It has to drop. ChatGPT can not source new truths except by rare accident.

I bet a lot of you are choking on that. So, I'd say this: Can you just "source" new truths? If you just sit and type plausible things, will some of them be right? Yes, but not very many. Truth is exponentially exclusive. That's not a metaphor; it's information theory. It's why we measure statements in bits, an exponential measure, and not some linear measure. ChatGPT's ability to spin truth is not exponentially good.

A confabulation engine becoming a major contributor to the "facts" on the internet can not help but drop the average quality of facts on the internet on its own terms.

When it starts consuming its own facts, it will iteratively "fuzz" the "facts" it puts out even more. ChatGPT is no more immune to "garbage in garbage out" than any other process.

"Finally, I think what you'll see happen in future iterations of ChatGPT to improve quality and accuracy is that content will be fed in weighted by how authoritative the source is"

Even if authority is perfect, that just slows the process. And personally I see no particularly strong correlation between "authority" and "truth". If you do, expand your vision; there are other "authorities" in the world than the ones you are thinking of.




> It has to drop. ChatGPT can not source new truths except by rare accident.

How are we defining a "truth" here? For example, if I want to find specific SQL query, which will work for my specific database schema and my specific version of MySQL I won't find that online. Traditionally I'd need to come up with the new query for this novel scenario, or I'd need to ask someone to do it for me (perhaps on Stackoverflow). Now ChatGPT can come up with these new novel queries instead. You're right that it can't do it's own research and come up with fundamentally new information, but it can come up with answers to questions never before asked based on what it can infer from existing knowledge.

I'd argue most of the useful stuff people do isn't coming up with things that are fundamentally new, but applying things that are known in new and interesting ways. If you're a developer this is what you probably do every day of the week. And ChatGPT can absolutely do this.
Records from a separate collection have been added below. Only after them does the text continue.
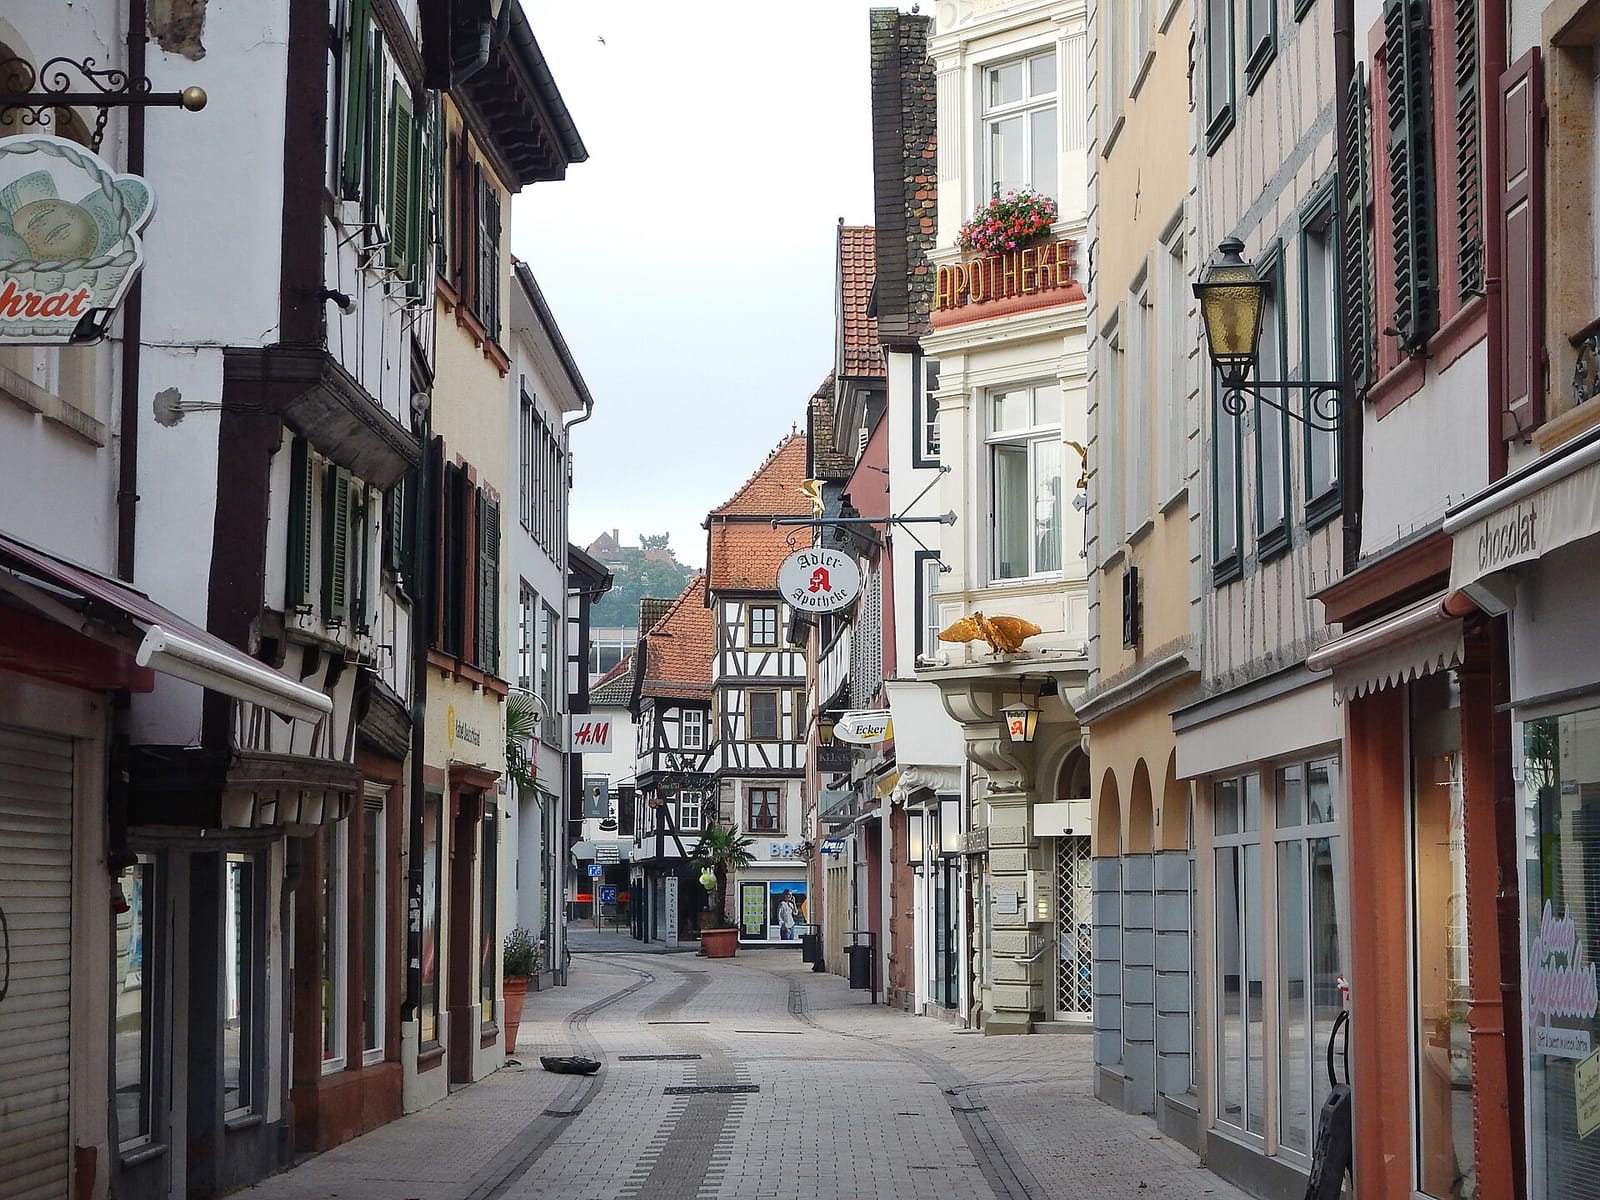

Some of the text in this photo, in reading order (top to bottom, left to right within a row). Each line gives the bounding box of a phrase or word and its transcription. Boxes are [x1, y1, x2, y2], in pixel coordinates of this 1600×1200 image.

[935, 241, 1073, 310] APOTHEKE
[1478, 502, 1538, 571] chocolat
[797, 552, 842, 570] Adler-
[791, 588, 847, 607] Apotheke
[575, 722, 609, 745] H&M
[856, 724, 885, 735] Ecker
Secondly, I'd also argue regurgitation of known facts is not necessarily without value either. A good example of this is your typical non-fiction / text book. If you write a text book about mathematics, you don't necessary have to include new information for it to be useful. Sometimes the value comes from the explanations, the presentation or a focus on lesser covered topics. Again, ChatGPT can absolutely do this. It already explains a lot of things to me better than humans can, so in that sense it is an increase in quality over what I'd already able to find online.
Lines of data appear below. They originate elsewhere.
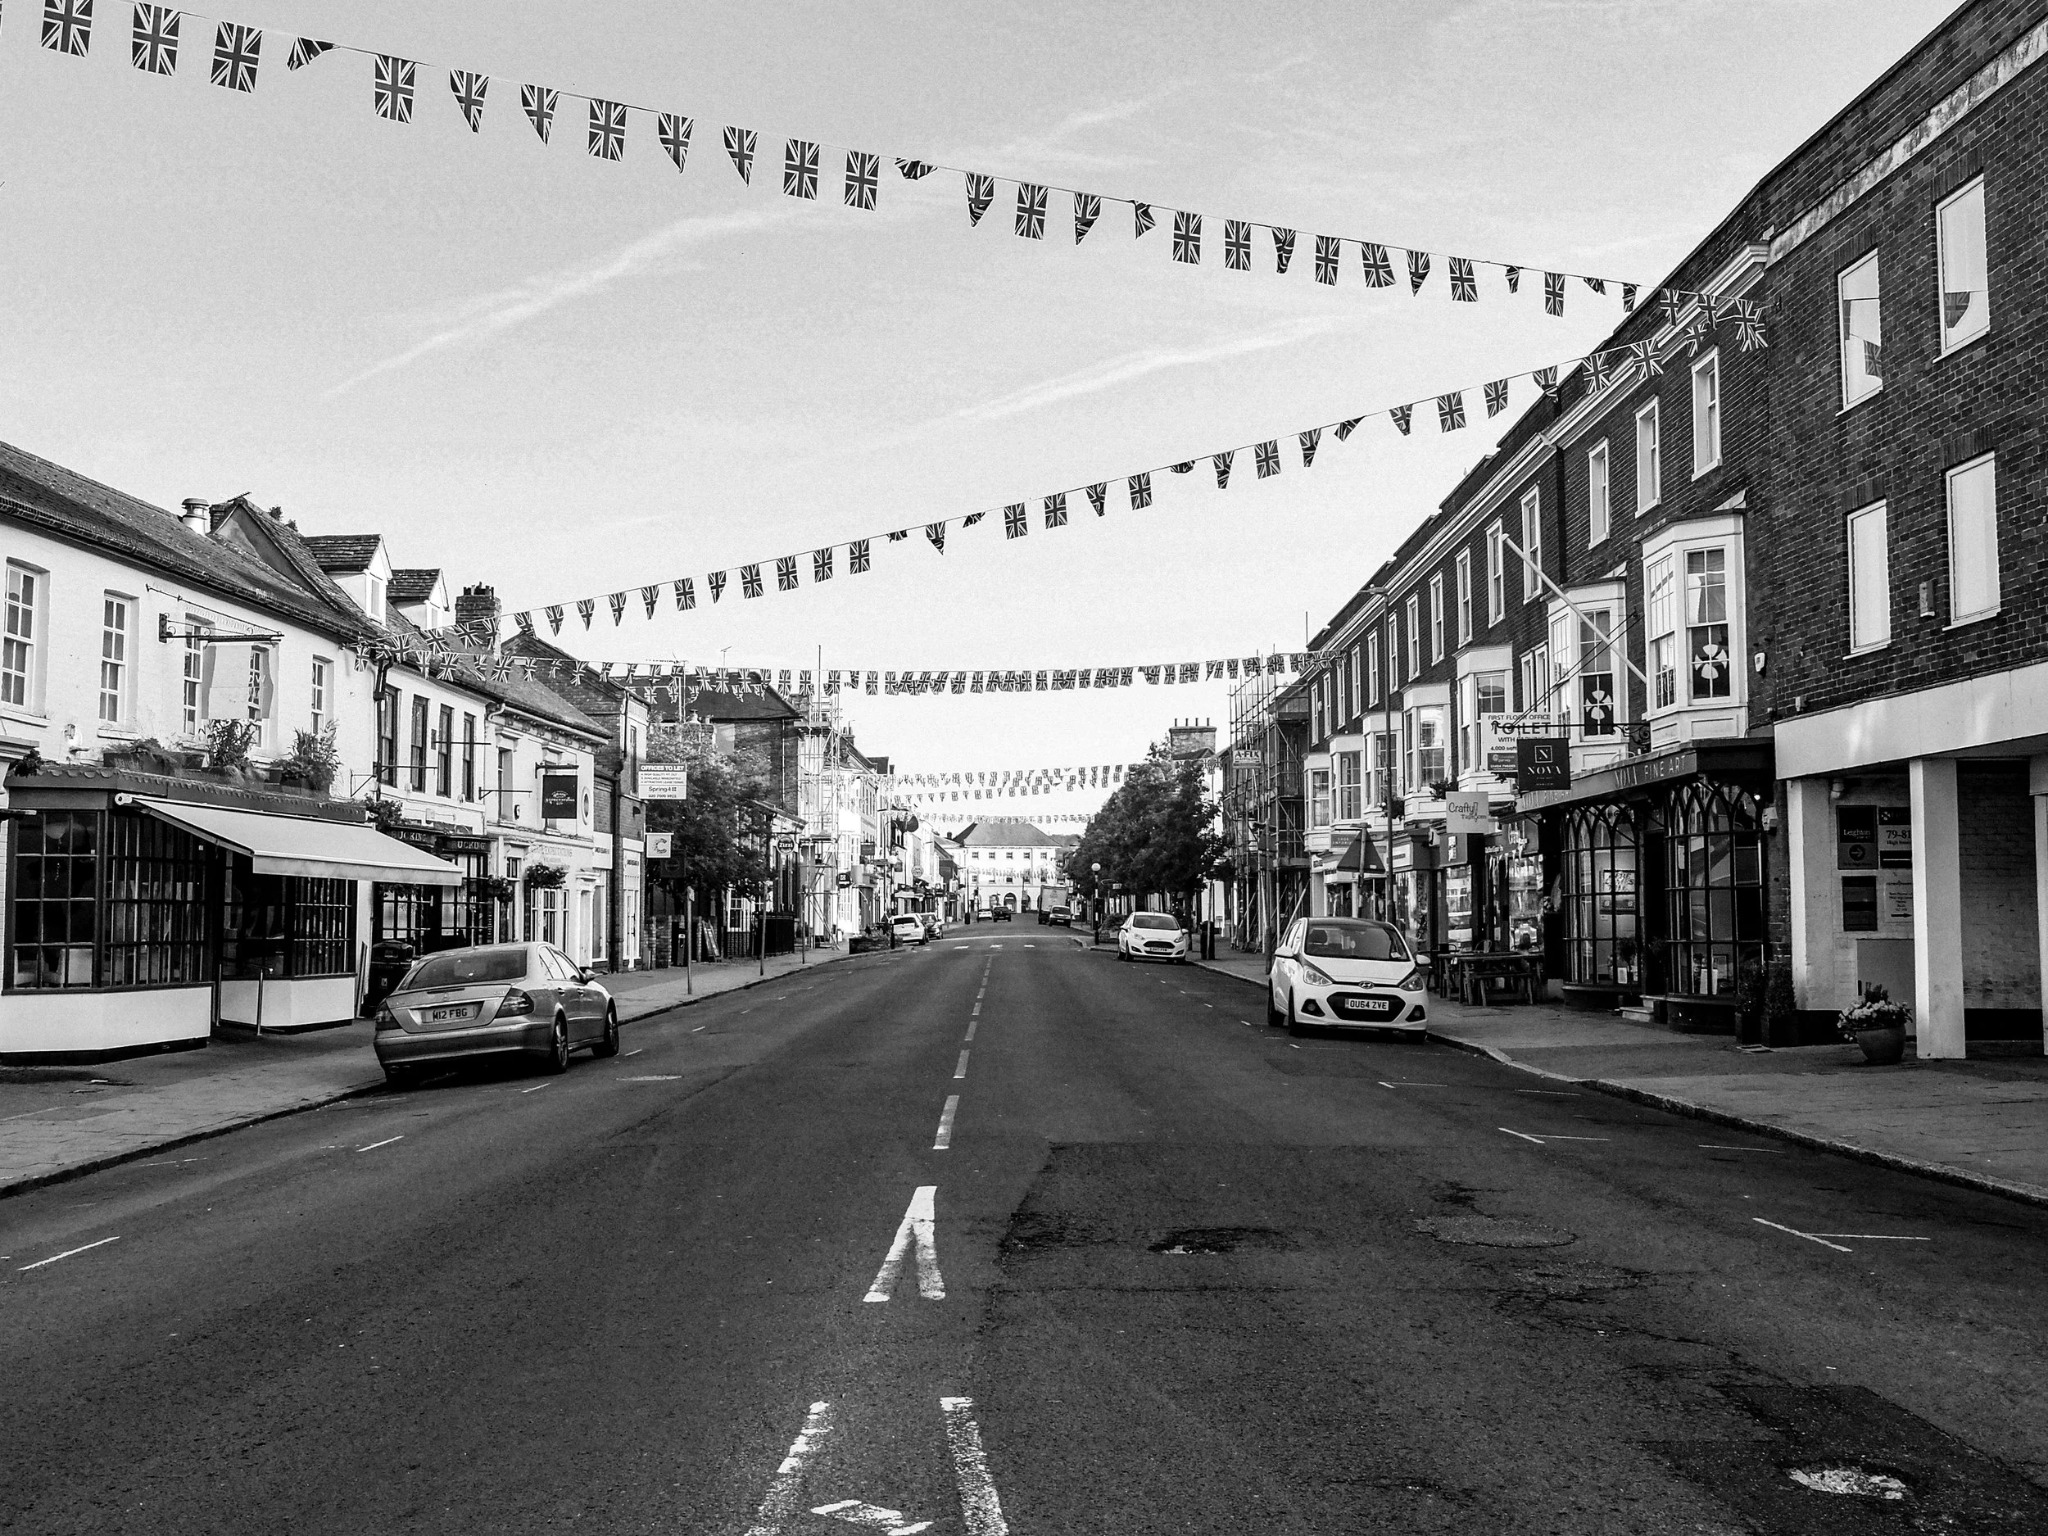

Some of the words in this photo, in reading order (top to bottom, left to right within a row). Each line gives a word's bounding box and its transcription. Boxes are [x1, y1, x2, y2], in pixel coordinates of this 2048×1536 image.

[1522, 722, 1551, 735] LET
[1527, 765, 1562, 775] NOVA
[1614, 765, 1638, 790] NOVA
[1644, 760, 1665, 781] FINE
[1669, 754, 1686, 773] ART
[1448, 802, 1475, 815] Crafty
[1372, 1001, 1388, 1010] ZVE
[449, 1008, 468, 1018] FBG
As for your point on authority I do agree with you somewhat there. I suppose the point I was trying to make is that this isn't a blind process. There are content sources which you can under weight, or simply non include, if it has a negative impact on the quality of the results. You can also improve algorithms to help the AI make better use of the information it's trained on. For example, if I asked you to read Buzzfeed for a week you wouldn't necessarily get any stupider because you're able to understand what's useful information and what's not.

I think all you really need to ask here is whether the next iteration of ChatGPT is likely to provide better results than the prior iteration, and will the iteration after that produce better results again? If your answer is yes, then it suggests the trend in quality would be higher, not lower, as a function of time.

Finally, wherever AI is applied the trend is always: sub human ability -> rivals that of the average human -> rivals that of the average elite human -> super human ability. Is language fundamentally different? Maybe? I think you can argue that generative AI is very different to the AI used for something like Chess, but it would at least be an expectation if future iterations of this AI got progressively worse. Maybe this the best ChatGPT will ever be at writing code. I guess I just think that is unlikely.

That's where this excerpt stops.